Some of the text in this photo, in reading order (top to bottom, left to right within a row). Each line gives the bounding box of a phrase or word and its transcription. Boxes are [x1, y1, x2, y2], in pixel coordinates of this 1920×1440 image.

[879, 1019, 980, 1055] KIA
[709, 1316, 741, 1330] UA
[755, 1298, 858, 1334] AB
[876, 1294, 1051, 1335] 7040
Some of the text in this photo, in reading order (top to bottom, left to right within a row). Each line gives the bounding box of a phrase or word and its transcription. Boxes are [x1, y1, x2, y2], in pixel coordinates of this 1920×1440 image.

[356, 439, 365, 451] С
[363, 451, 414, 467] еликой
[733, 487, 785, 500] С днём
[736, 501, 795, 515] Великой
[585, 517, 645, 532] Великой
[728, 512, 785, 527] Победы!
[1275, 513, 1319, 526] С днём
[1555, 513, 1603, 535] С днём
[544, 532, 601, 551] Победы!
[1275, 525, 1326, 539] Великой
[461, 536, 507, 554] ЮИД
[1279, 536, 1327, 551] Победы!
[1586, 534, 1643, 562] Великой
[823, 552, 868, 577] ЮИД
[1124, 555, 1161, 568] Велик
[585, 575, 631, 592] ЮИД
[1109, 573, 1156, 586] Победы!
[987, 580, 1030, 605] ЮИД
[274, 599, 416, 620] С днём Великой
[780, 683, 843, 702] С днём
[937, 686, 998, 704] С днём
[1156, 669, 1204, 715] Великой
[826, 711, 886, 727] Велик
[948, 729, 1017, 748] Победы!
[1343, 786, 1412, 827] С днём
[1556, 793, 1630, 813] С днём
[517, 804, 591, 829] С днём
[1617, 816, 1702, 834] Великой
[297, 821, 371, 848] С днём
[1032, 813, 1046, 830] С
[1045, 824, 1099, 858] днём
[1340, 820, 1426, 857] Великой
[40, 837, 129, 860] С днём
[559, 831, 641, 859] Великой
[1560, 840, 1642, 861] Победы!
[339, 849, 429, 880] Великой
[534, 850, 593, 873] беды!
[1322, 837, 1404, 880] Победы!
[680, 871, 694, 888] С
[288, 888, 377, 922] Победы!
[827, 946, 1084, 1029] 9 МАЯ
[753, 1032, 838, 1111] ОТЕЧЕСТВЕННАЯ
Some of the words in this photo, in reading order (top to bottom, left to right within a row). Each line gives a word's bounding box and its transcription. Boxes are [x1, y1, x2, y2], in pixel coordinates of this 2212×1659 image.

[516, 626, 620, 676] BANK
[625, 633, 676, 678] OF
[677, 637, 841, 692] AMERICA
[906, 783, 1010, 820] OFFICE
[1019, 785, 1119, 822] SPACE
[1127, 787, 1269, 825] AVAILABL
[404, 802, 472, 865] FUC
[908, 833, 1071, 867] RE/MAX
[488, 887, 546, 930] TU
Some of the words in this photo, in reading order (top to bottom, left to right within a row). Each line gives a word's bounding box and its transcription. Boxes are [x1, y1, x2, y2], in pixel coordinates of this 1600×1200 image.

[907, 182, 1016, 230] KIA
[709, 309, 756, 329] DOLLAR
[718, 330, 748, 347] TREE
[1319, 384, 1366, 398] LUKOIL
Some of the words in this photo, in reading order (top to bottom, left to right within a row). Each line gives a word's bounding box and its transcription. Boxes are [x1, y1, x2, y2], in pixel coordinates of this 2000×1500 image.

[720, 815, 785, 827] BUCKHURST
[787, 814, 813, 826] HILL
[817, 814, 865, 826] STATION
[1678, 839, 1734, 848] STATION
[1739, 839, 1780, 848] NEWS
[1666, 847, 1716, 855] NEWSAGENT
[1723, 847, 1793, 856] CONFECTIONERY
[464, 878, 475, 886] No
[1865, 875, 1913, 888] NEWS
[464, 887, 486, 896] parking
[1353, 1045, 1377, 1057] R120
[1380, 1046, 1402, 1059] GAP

------------------------

How to complete this task:
Using the data above, return each line exactly as written.

Task answer:
Some of the text in this photo, in reading order (top to bottom, left to right within a row). Each line gives the bounding box of a phrase or word and its transcription. Boxes are [x1, y1, x2, y2], in pixel coordinates of this 1920×1440 image.

[879, 1019, 980, 1055] KIA
[709, 1316, 741, 1330] UA
[755, 1298, 858, 1334] AB
[876, 1294, 1051, 1335] 7040
Some of the text in this photo, in reading order (top to bottom, left to right within a row). Each line gives the bounding box of a phrase or word and its transcription. Boxes are [x1, y1, x2, y2], in pixel coordinates of this 1920×1440 image.

[356, 439, 365, 451] С
[363, 451, 414, 467] еликой
[733, 487, 785, 500] С днём
[736, 501, 795, 515] Великой
[585, 517, 645, 532] Великой
[728, 512, 785, 527] Победы!
[1275, 513, 1319, 526] С днём
[1555, 513, 1603, 535] С днём
[544, 532, 601, 551] Победы!
[1275, 525, 1326, 539] Великой
[461, 536, 507, 554] ЮИД
[1279, 536, 1327, 551] Победы!
[1586, 534, 1643, 562] Великой
[823, 552, 868, 577] ЮИД
[1124, 555, 1161, 568] Велик
[585, 575, 631, 592] ЮИД
[1109, 573, 1156, 586] Победы!
[987, 580, 1030, 605] ЮИД
[274, 599, 416, 620] С днём Великой
[780, 683, 843, 702] С днём
[937, 686, 998, 704] С днём
[1156, 669, 1204, 715] Великой
[826, 711, 886, 727] Велик
[948, 729, 1017, 748] Победы!
[1343, 786, 1412, 827] С днём
[1556, 793, 1630, 813] С днём
[517, 804, 591, 829] С днём
[1617, 816, 1702, 834] Великой
[297, 821, 371, 848] С днём
[1032, 813, 1046, 830] С
[1045, 824, 1099, 858] днём
[1340, 820, 1426, 857] Великой
[40, 837, 129, 860] С днём
[559, 831, 641, 859] Великой
[1560, 840, 1642, 861] Победы!
[339, 849, 429, 880] Великой
[534, 850, 593, 873] беды!
[1322, 837, 1404, 880] Победы!
[680, 871, 694, 888] С
[288, 888, 377, 922] Победы!
[827, 946, 1084, 1029] 9 МАЯ
[753, 1032, 838, 1111] ОТЕЧЕСТВЕННАЯ
Some of the words in this photo, in reading order (top to bottom, left to right within a row). Each line gives a word's bounding box and its transcription. Boxes are [x1, y1, x2, y2], in pixel coordinates of this 2212×1659 image.

[516, 626, 620, 676] BANK
[625, 633, 676, 678] OF
[677, 637, 841, 692] AMERICA
[906, 783, 1010, 820] OFFICE
[1019, 785, 1119, 822] SPACE
[1127, 787, 1269, 825] AVAILABL
[404, 802, 472, 865] FUC
[908, 833, 1071, 867] RE/MAX
[488, 887, 546, 930] TU
Some of the words in this photo, in reading order (top to bottom, left to right within a row). Each line gives a word's bounding box and its transcription. Boxes are [x1, y1, x2, y2], in pixel coordinates of this 1600×1200 image.

[907, 182, 1016, 230] KIA
[709, 309, 756, 329] DOLLAR
[718, 330, 748, 347] TREE
[1319, 384, 1366, 398] LUKOIL
Some of the words in this photo, in reading order (top to bottom, left to right within a row). Each line gives a word's bounding box and its transcription. Boxes are [x1, y1, x2, y2], in pixel coordinates of this 2000×1500 image.

[720, 815, 785, 827] BUCKHURST
[787, 814, 813, 826] HILL
[817, 814, 865, 826] STATION
[1678, 839, 1734, 848] STATION
[1739, 839, 1780, 848] NEWS
[1666, 847, 1716, 855] NEWSAGENT
[1723, 847, 1793, 856] CONFECTIONERY
[464, 878, 475, 886] No
[1865, 875, 1913, 888] NEWS
[464, 887, 486, 896] parking
[1353, 1045, 1377, 1057] R120
[1380, 1046, 1402, 1059] GAP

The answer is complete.